Controlled drugs rules change: SI being prepared?

September 28, 2011 by admin 

The latest news on the long-delayed but promised changes to the Misuse of Drugs Regulations is that the Home Office is said to be preparing a statutory instrument that will both allow non-medical prescribers to prescribe all controlled drugs within their competence and regularise the practice of  mixing of medicines that include controlled drugs before administration. This information - although still no date - was given in a written answer to a question asked in the House of Commons by David Mowat MP which can be seen here for the discussion at last year’s ANP conference of this issue.

Pharmacist prescribing in Northern Ireland: some way to go

September 16, 2011 by admin 

The number of qualified pharmacist prescribers in Northern Ireland is still relatively small and many of those qualified to do so are not actually prescribing, according to recent research. The story is familiar: although benefits for patient care and perceptions of pharmacists’ roles are recognised, barriers to prescribing remain.

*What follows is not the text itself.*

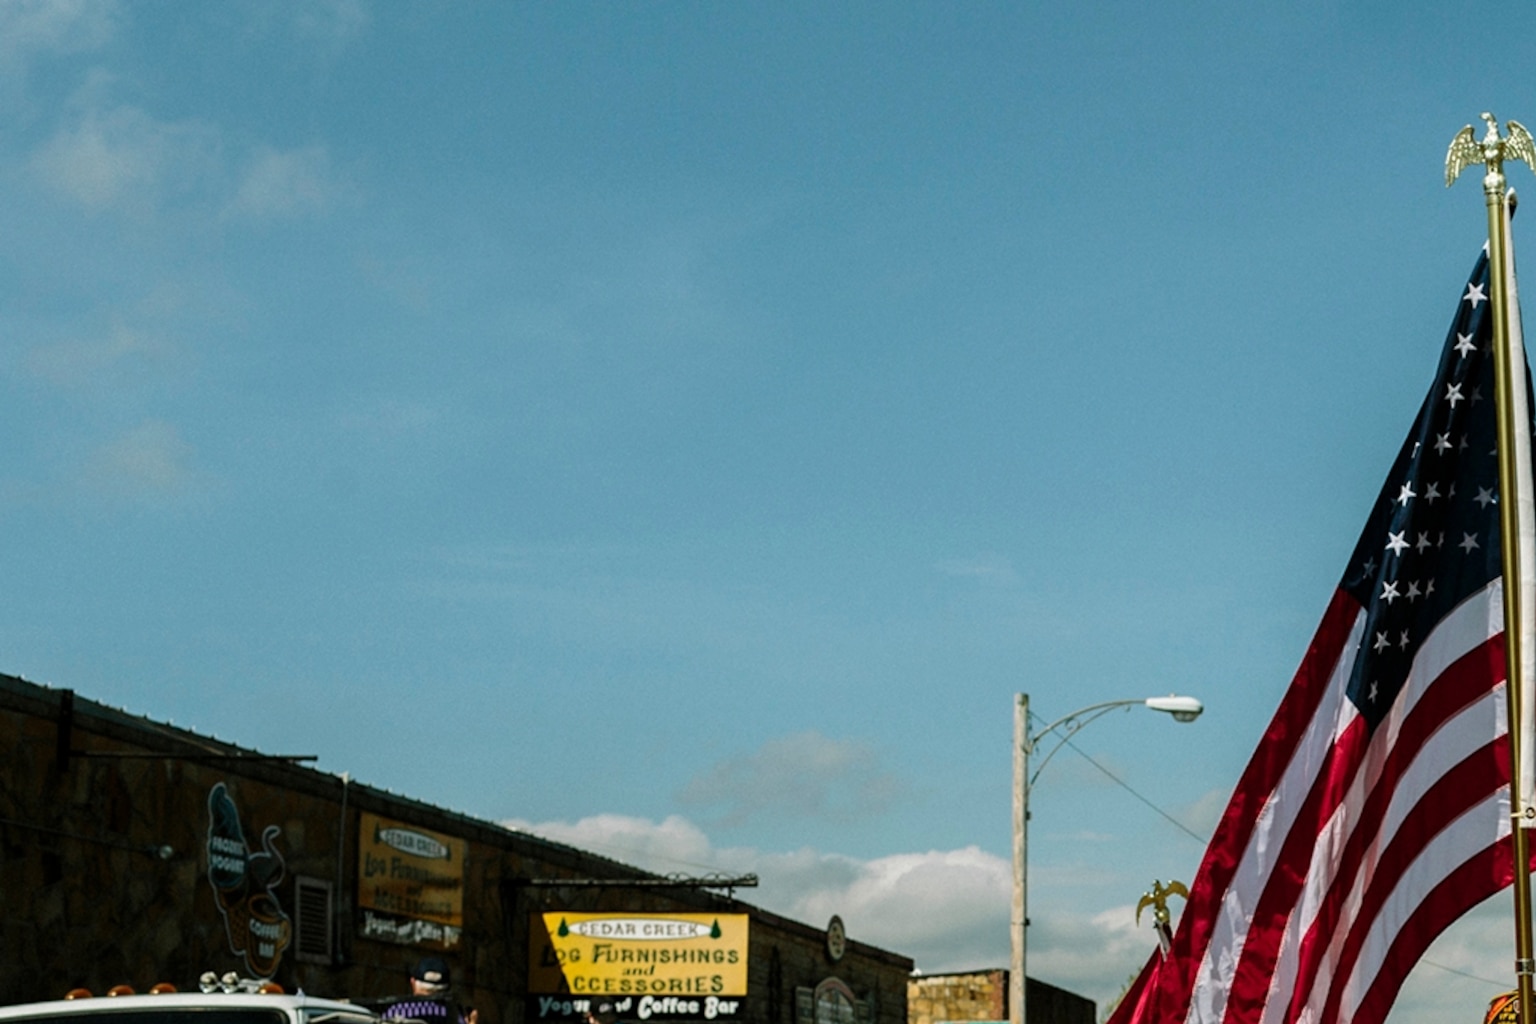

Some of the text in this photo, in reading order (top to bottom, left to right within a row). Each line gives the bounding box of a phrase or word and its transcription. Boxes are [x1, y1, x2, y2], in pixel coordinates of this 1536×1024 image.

McCann L et al. Pharmacist prescribing in Northern Ireland: a quantitative assessment. Int J Clin Pharm 2011; online first.

http://dx.doi.org/10.1007/s11096-011-9545-7.

Important safety information missing on herbal medicines

September 16, 2011 by admin 

Vital safety information was missing from three-quarters of the 68 herbal preparations containing five herbal products analysed in this study. All the preparations  bought were over-the-counter, oral, single-use and contained St John’s wort, echinacea, garlic, ginkgo or Asian ginseng.

Although forthoming EU legislation should mean that most products using St John’s wort and echinacea, for example, are likely to include safety information in future, this will not apply to those not making claims about disease prevention or treatment, or to any bought outside the EU - perhaps over the internet.

The researchers were looking for information such as the possibility of St John’s wort interacting with warfarin or the contraceptive pill. Their report highlights the importance of accurate and complete information being provided with herbal products, pointing out that these products are often used with conventional prescribed medicines with which they may interact, and that patients may be reluctant to tell their healthcare practitioner that they are using herbal products.

Consultation on Misuse of Drugs Regulations

September 16, 2011 by admin 

The Home Office is planning to update, consolidate and clarify the Misuse of Drugs Regulations 2001 to ensure that they work effectively and reflect current policies and professional practice about controlled drugs. The proposals are set out in a consultation, and the deadline for responses is 28 October.

At present, there are 18 amendments to the original statutory instrument that introduced the regulations, so the government is proposing both that all 19 are consolidated into a single piece of legislation that will be less complex to follow, and that changes are made at the same time to update the regulations in line with current policy on controlled drugs where appropriate.

Some examples of the changes proposed are:

  • making Midwife Supply Orders specific to patients rather than midwives;
  • giving Ambulance Trusts similar authority to possess and supply controlled drugs to NHS Hospital Trusts and care homes;
  • and clarifying some issues relating to prisons.